◆ WHAT YOU ARE ASKED TO DO
Without the images, set down each entry exactly.

◆ AVAILABLE DATA
※ ※ ※
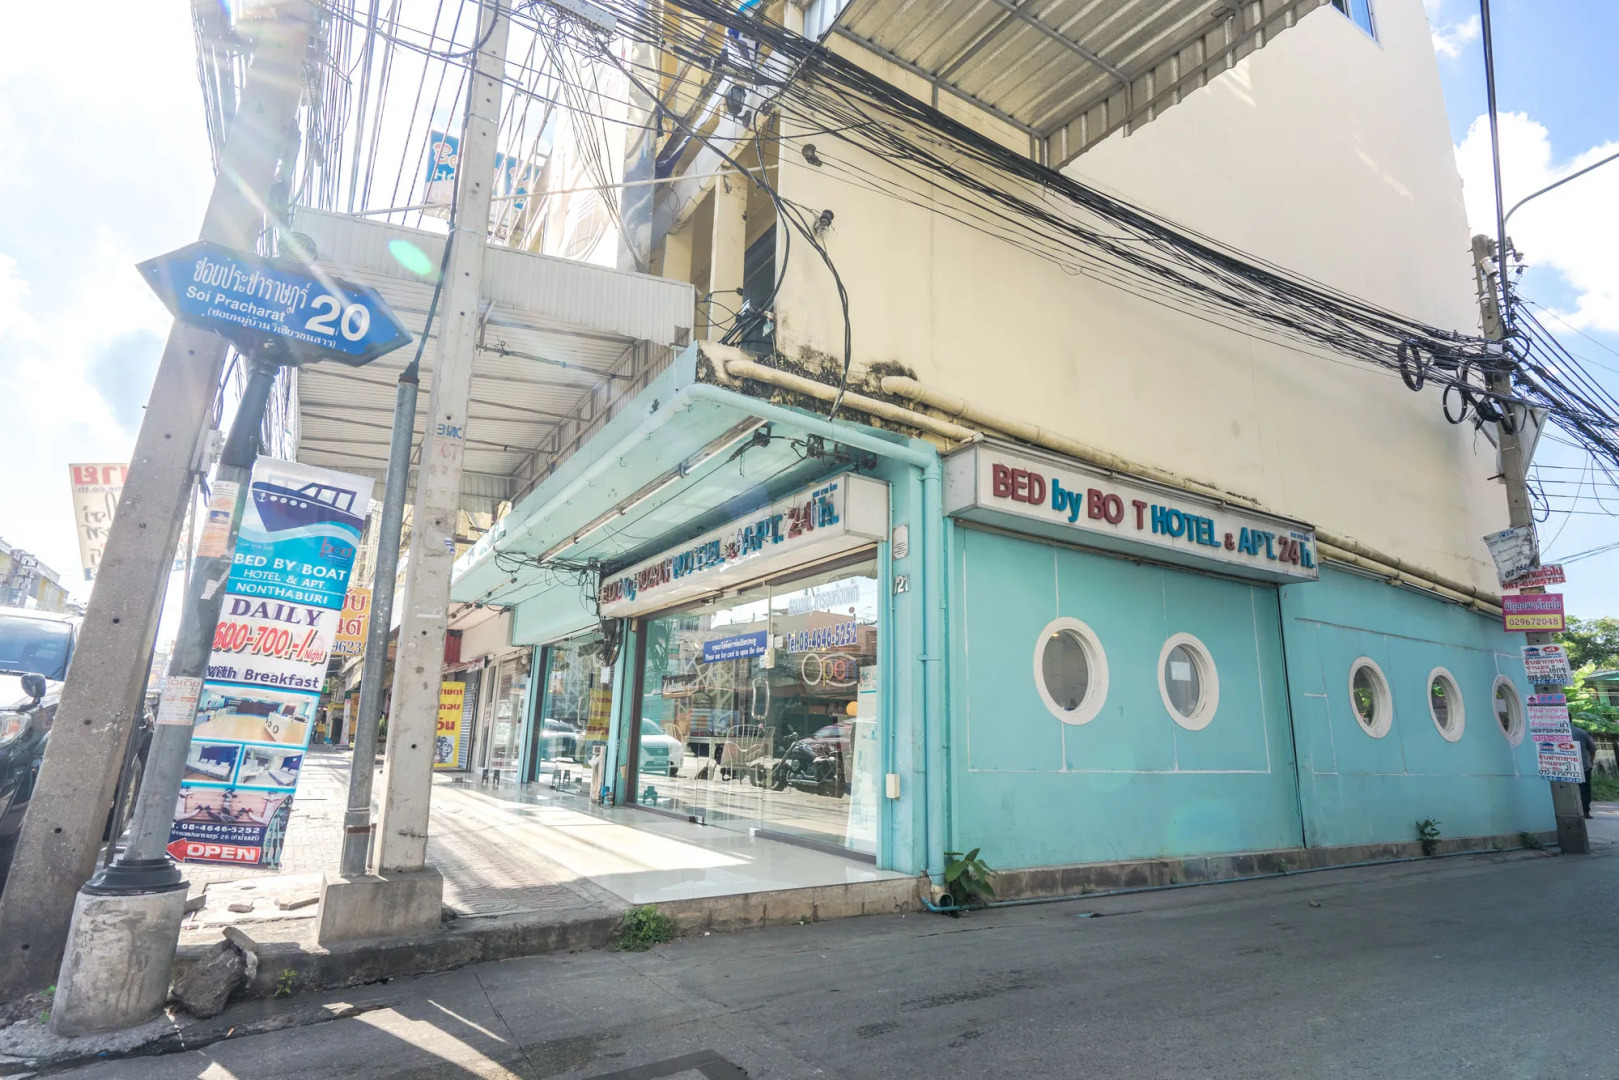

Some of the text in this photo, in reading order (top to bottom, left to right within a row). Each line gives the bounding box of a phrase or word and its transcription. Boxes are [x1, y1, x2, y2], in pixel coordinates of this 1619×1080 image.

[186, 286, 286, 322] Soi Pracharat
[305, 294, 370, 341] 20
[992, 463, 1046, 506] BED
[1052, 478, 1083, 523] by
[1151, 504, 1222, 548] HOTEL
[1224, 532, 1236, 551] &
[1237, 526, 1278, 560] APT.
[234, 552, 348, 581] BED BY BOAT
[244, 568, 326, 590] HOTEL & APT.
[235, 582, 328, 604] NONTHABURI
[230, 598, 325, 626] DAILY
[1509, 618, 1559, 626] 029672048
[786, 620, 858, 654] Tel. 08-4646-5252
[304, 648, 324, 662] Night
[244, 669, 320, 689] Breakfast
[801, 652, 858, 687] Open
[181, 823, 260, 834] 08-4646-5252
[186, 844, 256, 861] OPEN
※ ※ ※
◆ SOLUTION
Some of the text in this photo, in reading order (top to bottom, left to right within a row). Each line gives the bounding box of a phrase or word and its transcription. Boxes are [x1, y1, x2, y2], in pixel coordinates of this 1619×1080 image.

[186, 286, 286, 322] Soi Pracharat
[305, 294, 370, 341] 20
[992, 463, 1046, 506] BED
[1052, 478, 1083, 523] by
[1151, 504, 1222, 548] HOTEL
[1224, 532, 1236, 551] &
[1237, 526, 1278, 560] APT.
[234, 552, 348, 581] BED BY BOAT
[244, 568, 326, 590] HOTEL & APT.
[235, 582, 328, 604] NONTHABURI
[230, 598, 325, 626] DAILY
[1509, 618, 1559, 626] 029672048
[786, 620, 858, 654] Tel. 08-4646-5252
[304, 648, 324, 662] Night
[244, 669, 320, 689] Breakfast
[801, 652, 858, 687] Open
[181, 823, 260, 834] 08-4646-5252
[186, 844, 256, 861] OPEN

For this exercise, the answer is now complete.